Start of DATA

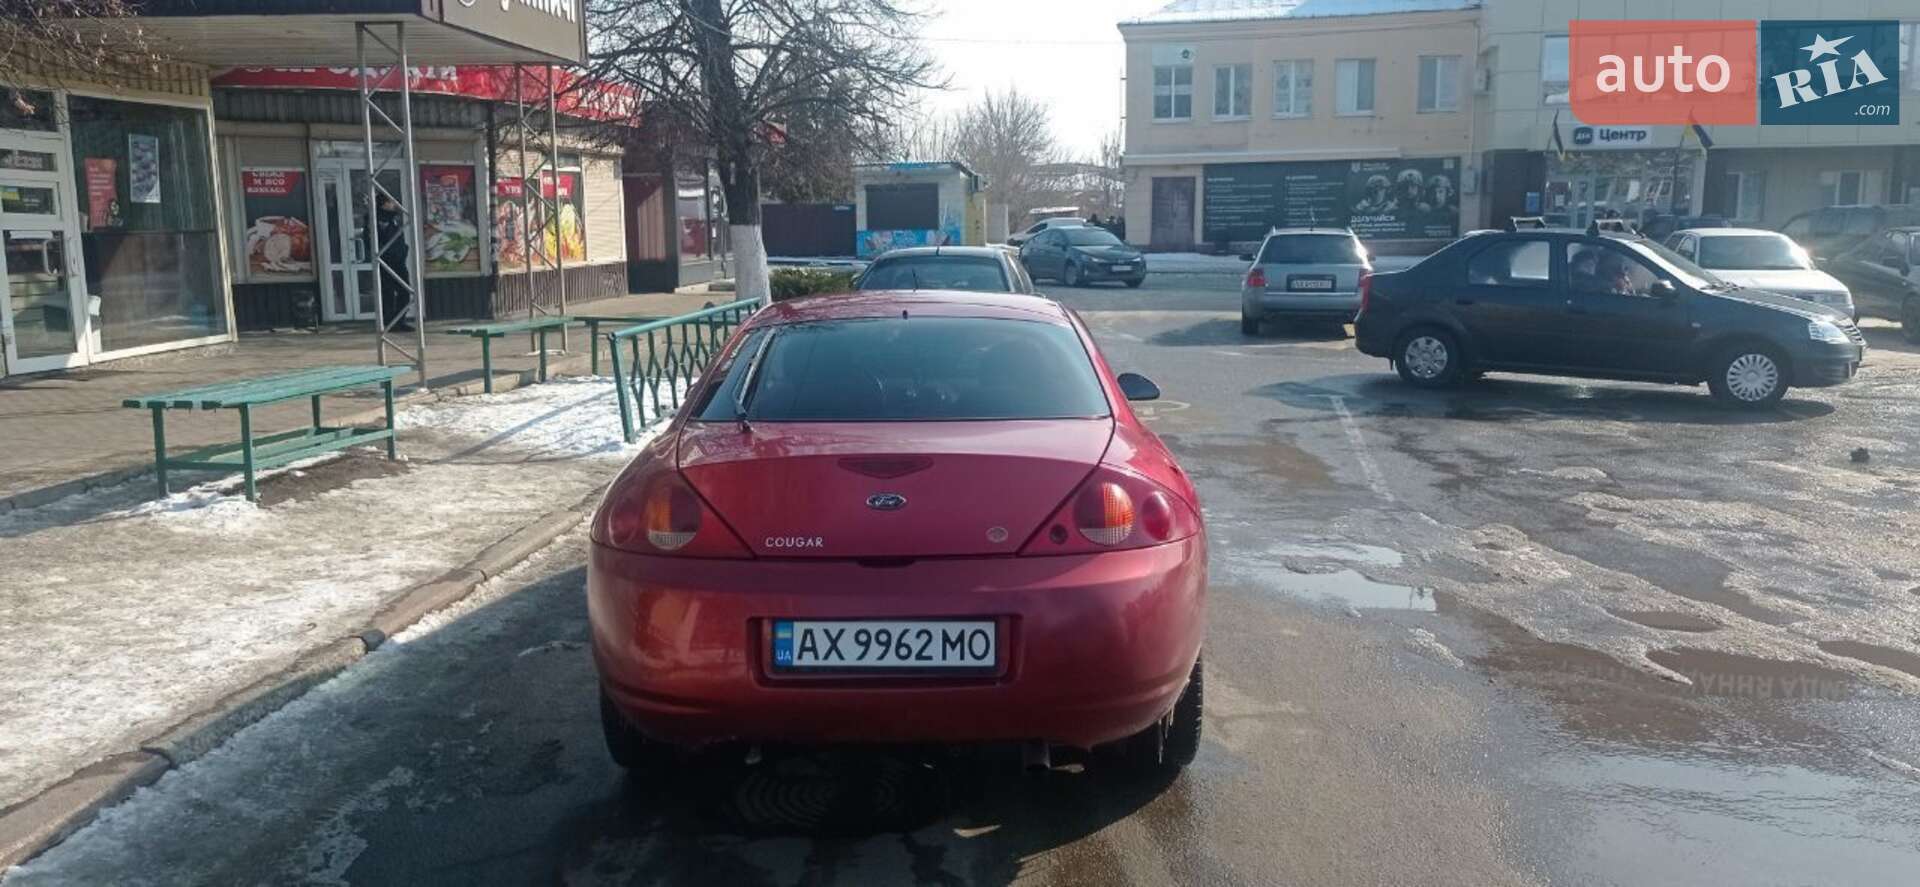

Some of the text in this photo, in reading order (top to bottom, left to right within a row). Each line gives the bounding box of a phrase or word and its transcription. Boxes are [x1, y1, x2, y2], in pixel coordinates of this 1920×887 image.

[1599, 128, 1647, 142] Центр
[765, 536, 824, 548] COUGAR
[796, 628, 991, 661] AX 9962 MO
[776, 649, 792, 661] UA

End of DATA

**TASK**
A word-for-word copy of the records is needed, one that contains no pictures.

**RESPONSE AREA**
Some of the text in this photo, in reading order (top to bottom, left to right within a row). Each line gives the bounding box of a phrase or word and its transcription. Boxes are [x1, y1, x2, y2], in pixel coordinates of this 1920×887 image.

[1599, 128, 1647, 142] Центр
[765, 536, 824, 548] COUGAR
[796, 628, 991, 661] AX 9962 MO
[776, 649, 792, 661] UA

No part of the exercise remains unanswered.